Hypnosis isn’t a one-shot treatment. It can be part of regular psychotherapy sessions, or delivered in a clinical setting. The goal is to teach patients the technique so they can use it on their own when pain strikes.

“All hypnosis is self-hypnosis,” says Janet Wootton, RN, nurse clinician for the pain clinic at Duke Children’s Hospital and Health Center, in Durham, NC. Though formally trained in hypnosis for several years, Wootton says she’s practiced the relaxation techniques it centers on far longer than that – as has anyone who’s ever spoken quietly, calmly and rhythmically in an effort to soothe a hurting or frightened child.

Wootton likens the process to guiding patients into a daydream. Because the kids she works with are more active in their daydreaming than adults, creating an escape for them may be less about relaxing at the beach than doing something they love like playing on the playground or kicking a soccer ball downfield.

“When something is hurting, it’s nice to be able to do something immediately,” Wootton says, “not wait until Mom gets there with the pills or wait an hour until the pill starts to take effect. You’re giving them something to help them take control. Stress comes from not being able to control everything – or anything. When you make patients feel they’re active participants in their health, it grows from there.”

She works with her patients to create a tape they can play to lead themselves into the hypnotic process. Feldman prefers his mostly adult patients to come up with their own script and not rely on a tape – or his voice – to activate the process when pain strikes and they need it.

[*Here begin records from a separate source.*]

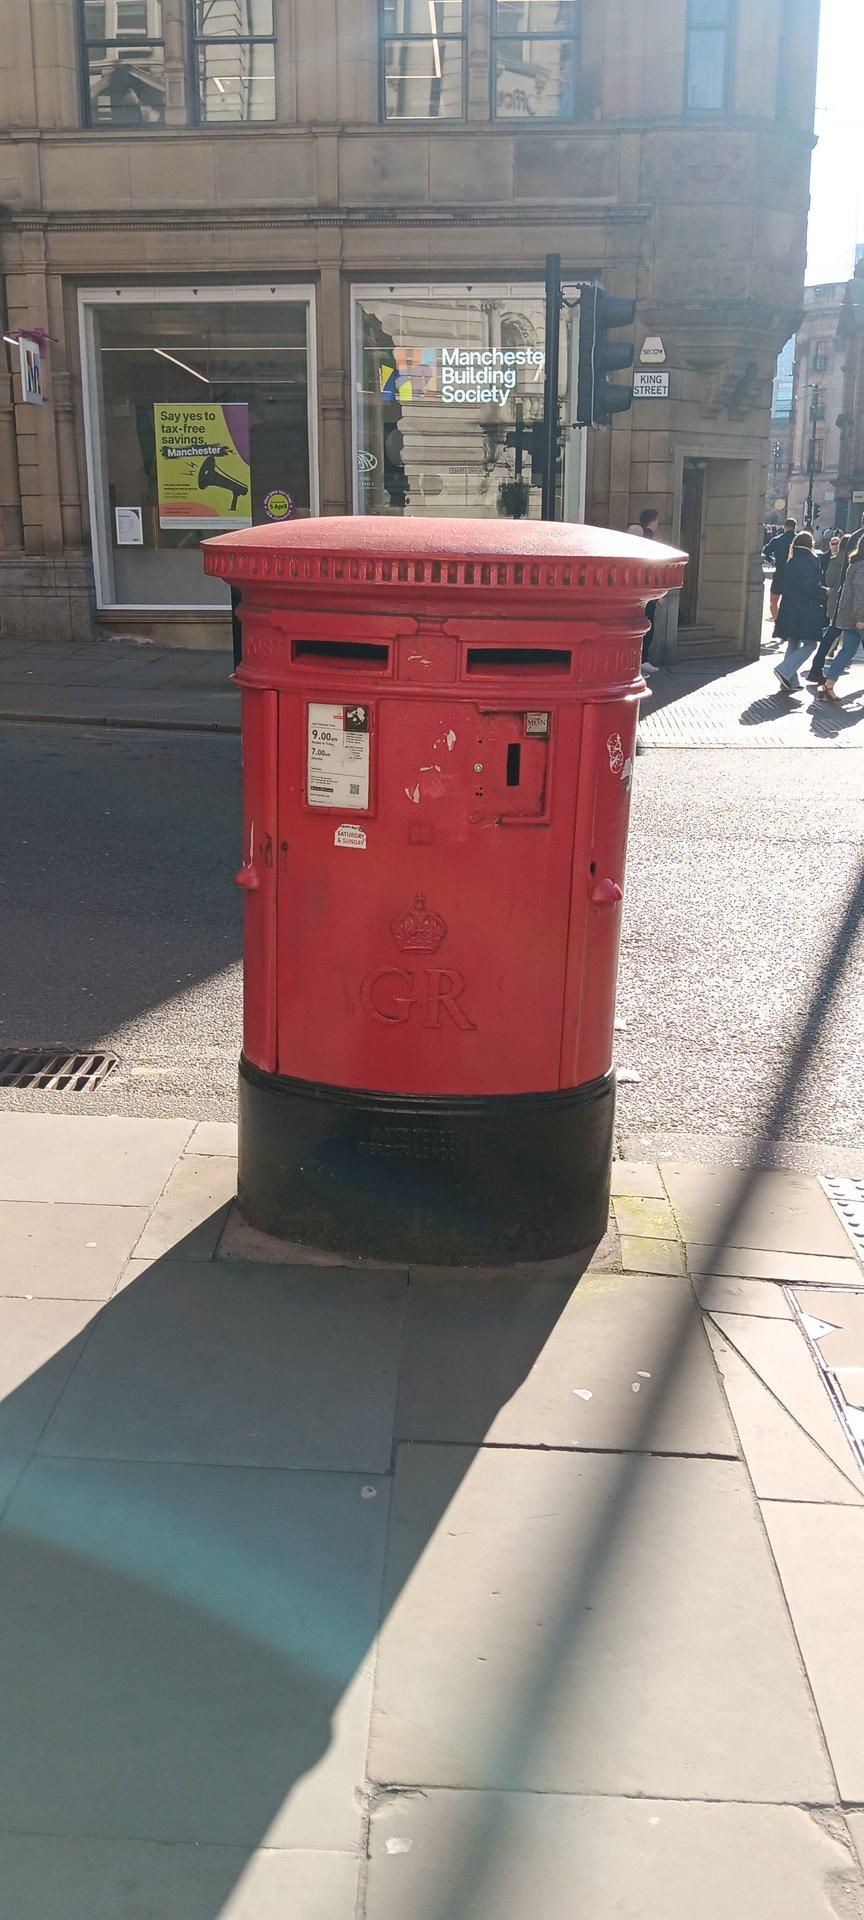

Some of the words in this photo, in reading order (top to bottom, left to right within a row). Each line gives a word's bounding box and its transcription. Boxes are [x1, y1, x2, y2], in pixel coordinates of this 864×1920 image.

[442, 348, 545, 366] Mancheste
[442, 367, 516, 388] Building
[640, 375, 662, 384] KING
[441, 385, 511, 407] Society
[634, 386, 668, 395] STREET
[160, 411, 182, 423] Say
[183, 413, 205, 423] yes
[205, 411, 216, 421] to
[161, 424, 205, 433] tax-free
[167, 446, 222, 457] Manchester
[274, 502, 288, 511] April
[337, 831, 365, 839] SATURDAY
[360, 965, 478, 1031] GR

“What I usually say is you need to practice it. It’s an acquired skill – some people develop it more easily than others,” Feldman says. “When you’re in a lot of pain, it’s hard to do. I tell people to practice when they’re in a relatively low degree of pain to get into the habit of doing it when they’re in what I call the yellow zone, pain-wise.”

Demonstrated Results

If there’s any downside to hypnosis, Feldman says, it’s only that some patients are more responsive to hypnosis than others.

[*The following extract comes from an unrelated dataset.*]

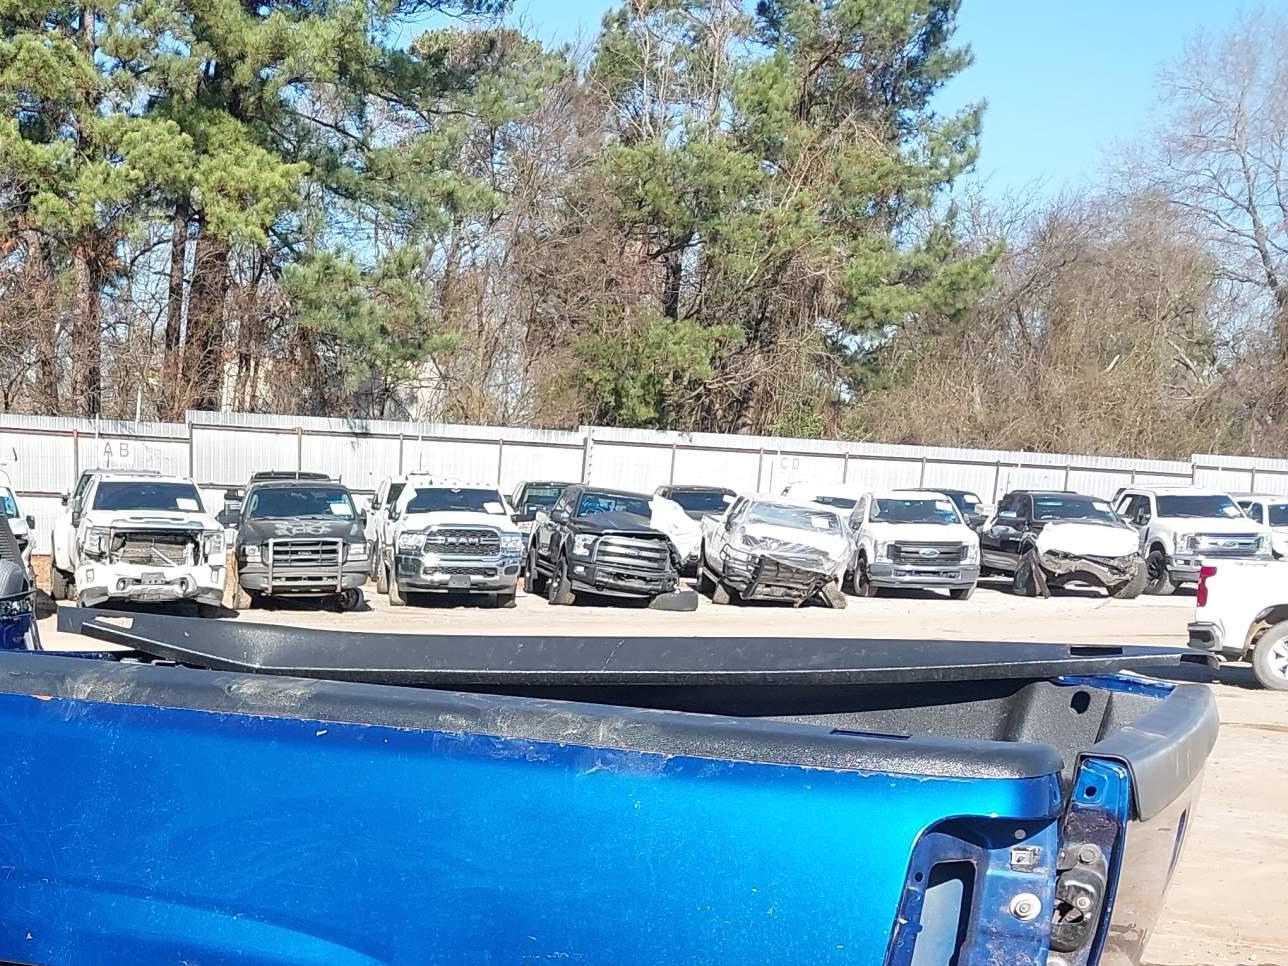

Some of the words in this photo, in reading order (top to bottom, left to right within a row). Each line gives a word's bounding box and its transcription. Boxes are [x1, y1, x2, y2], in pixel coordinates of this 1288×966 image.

[103, 441, 113, 457] A
[120, 443, 130, 457] B
[447, 536, 479, 545] RAM

Guy Montgomery, PhD, director of the Integrative Behavioral Medicine program at The Mount Sinai Medical Center in New York, agrees.

“People respond differently,” he says, “just as people perceive pain differently. Like most things in the world, how people respond falls on a curve. Some people have no hypnotic susceptibility; a few people have super susceptibility. Most patients fall right in the middle.”

Ironically, how suggestible a patient is under hypnosis is often inversely proportional to how suggestible they are when not hypnotized, Feldman says.

Montgomery, who works primarily with cancer patients, has been intrigued by hypnosis since his graduate school days. In 2007 the Journal of the National Cancer Institute published a study he conducted showing that breast cancer patients who received a 15 minute hypnosis session prior to an outpatient procedure felt less discomfort afterward. They also needed less pain medication, which resulted in a savings of more than $700 per individual.

In Montgomery’s mind, that makes hypnosis a winning proposition for patients and healthcare facilities alike. “It works and it saves money and it’s easy to do,” he says. “So let’s do it.”